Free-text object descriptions

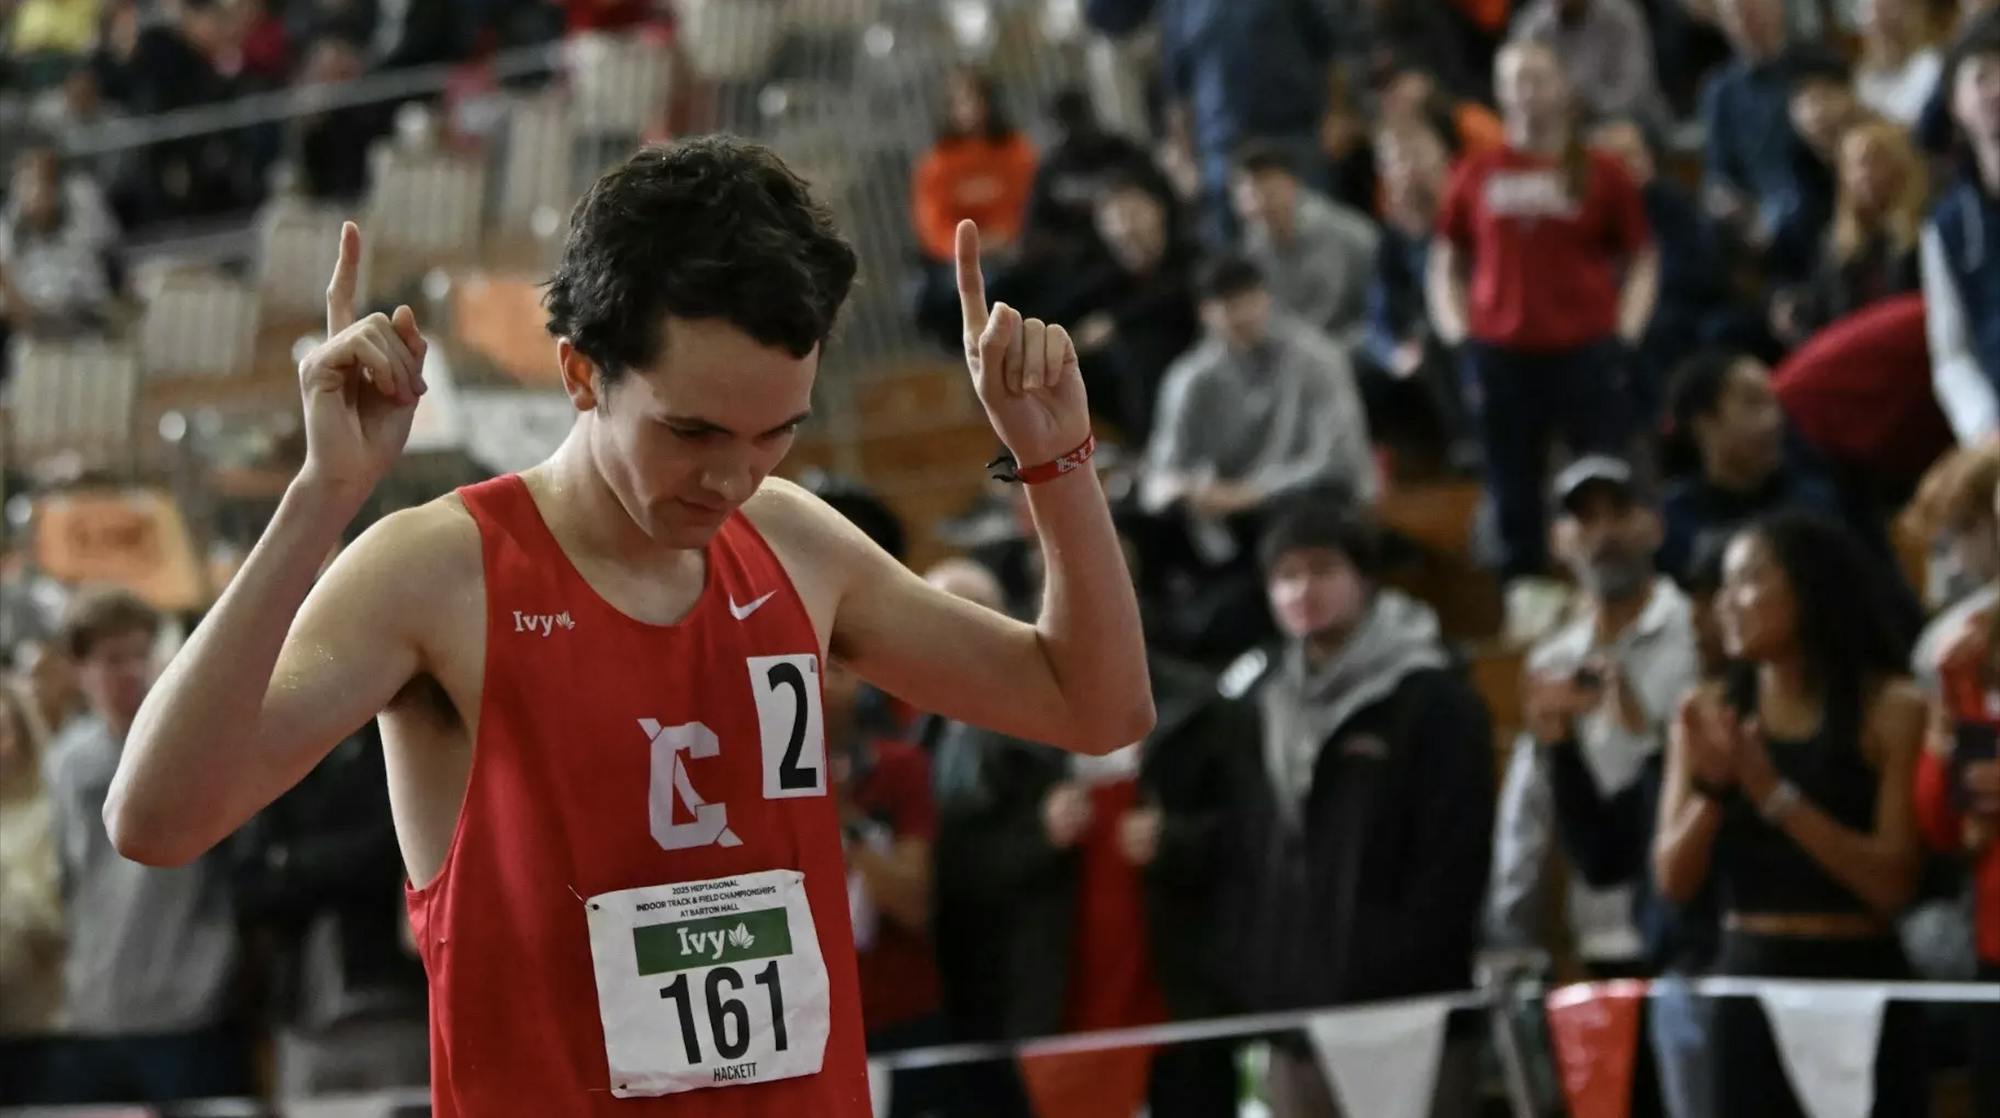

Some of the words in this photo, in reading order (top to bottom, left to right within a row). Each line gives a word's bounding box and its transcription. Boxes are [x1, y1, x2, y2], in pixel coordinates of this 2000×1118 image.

[513, 611, 554, 637] Ivy
[767, 662, 817, 789] 2
[637, 718, 744, 850] C
[636, 901, 666, 912] INDOOR
[667, 897, 691, 907] TRACK
[692, 896, 698, 904] &
[699, 893, 719, 903] FIELD
[720, 885, 777, 900] CHAMPIONSHIPS
[690, 880, 739, 892] HEPTAGONAL
[680, 909, 689, 918] AT
[690, 905, 720, 916] BARTON
[721, 903, 740, 911] HALL
[676, 927, 726, 960] Ivy
[659, 960, 788, 1064] 161
[713, 1062, 757, 1081] HACKETT
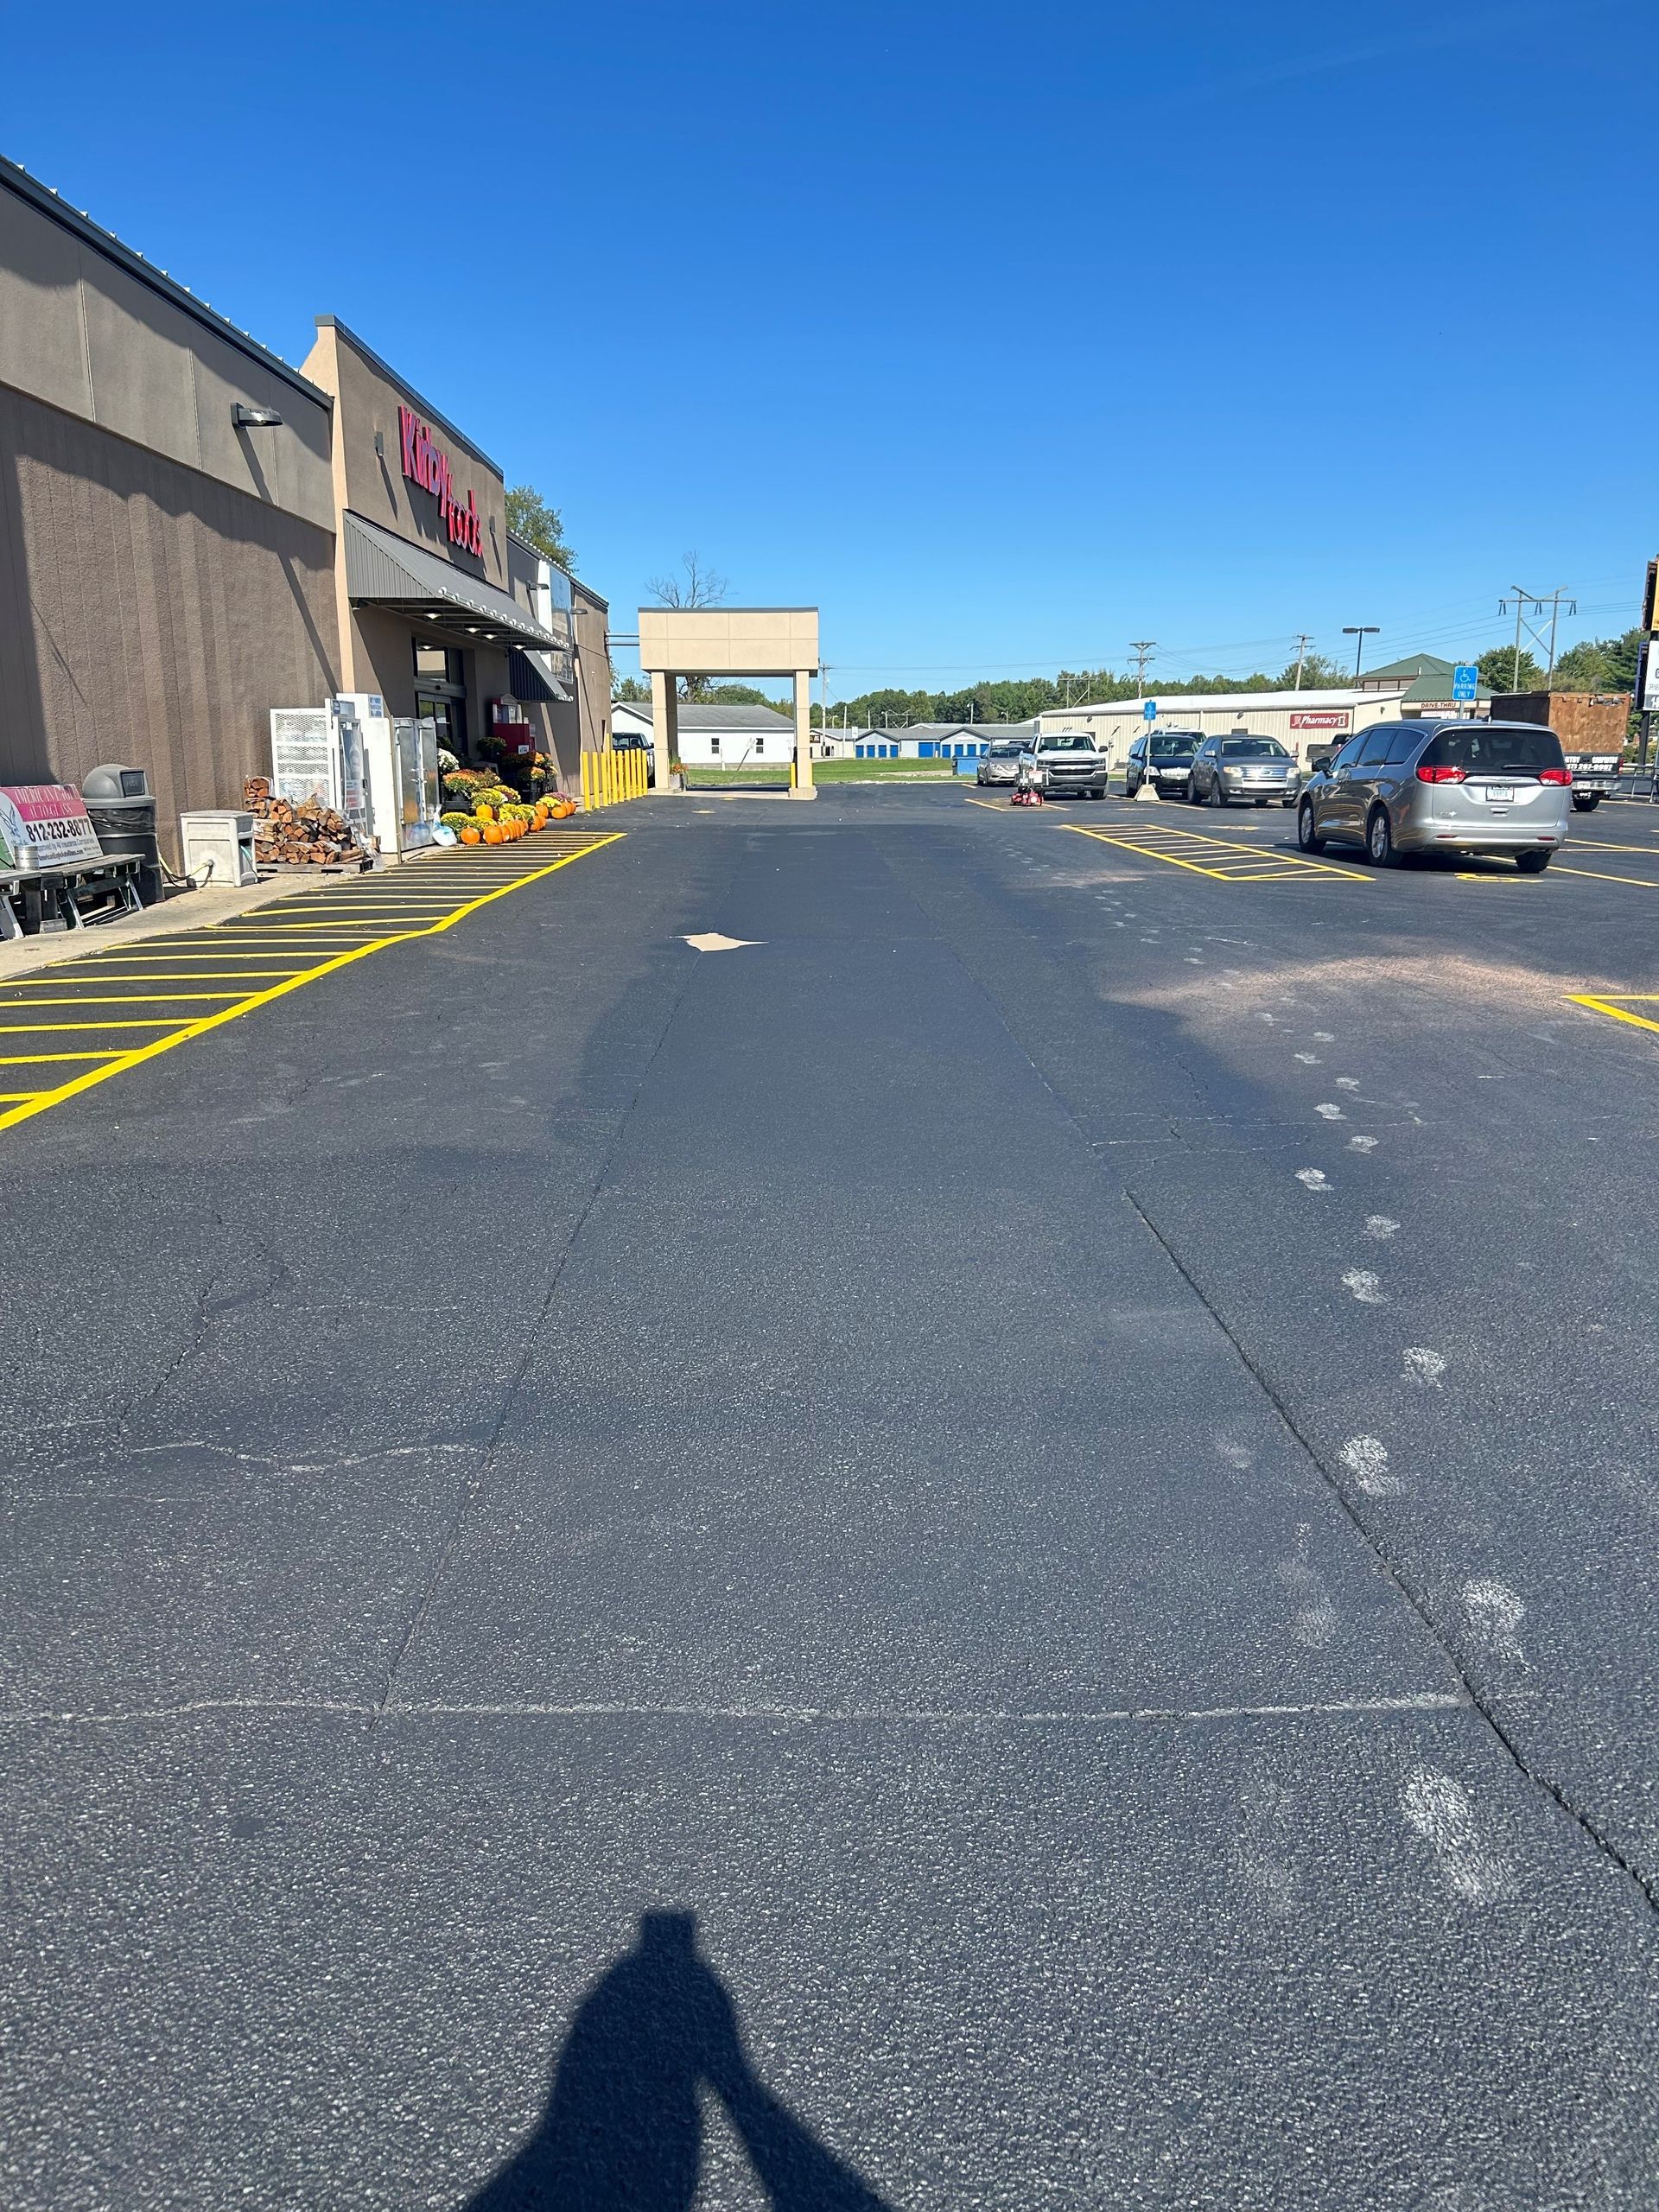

[Description of the task]
From the first line to the last, return the records exactly and leave the pictures behind.

[Response for this exercise]
Some of the words in this photo, in reading order (top to bottom, left to right within a row). Each line gives a word's bounding box and its transcription. Boxes are [x1, y1, x2, y2], in pixel coordinates of this 2000×1118 image.

[513, 611, 554, 637] Ivy
[767, 662, 817, 789] 2
[637, 718, 744, 850] C
[636, 901, 666, 912] INDOOR
[667, 897, 691, 907] TRACK
[692, 896, 698, 904] &
[699, 893, 719, 903] FIELD
[720, 885, 777, 900] CHAMPIONSHIPS
[690, 880, 739, 892] HEPTAGONAL
[680, 909, 689, 918] AT
[690, 905, 720, 916] BARTON
[721, 903, 740, 911] HALL
[676, 927, 726, 960] Ivy
[659, 960, 788, 1064] 161
[713, 1062, 757, 1081] HACKETT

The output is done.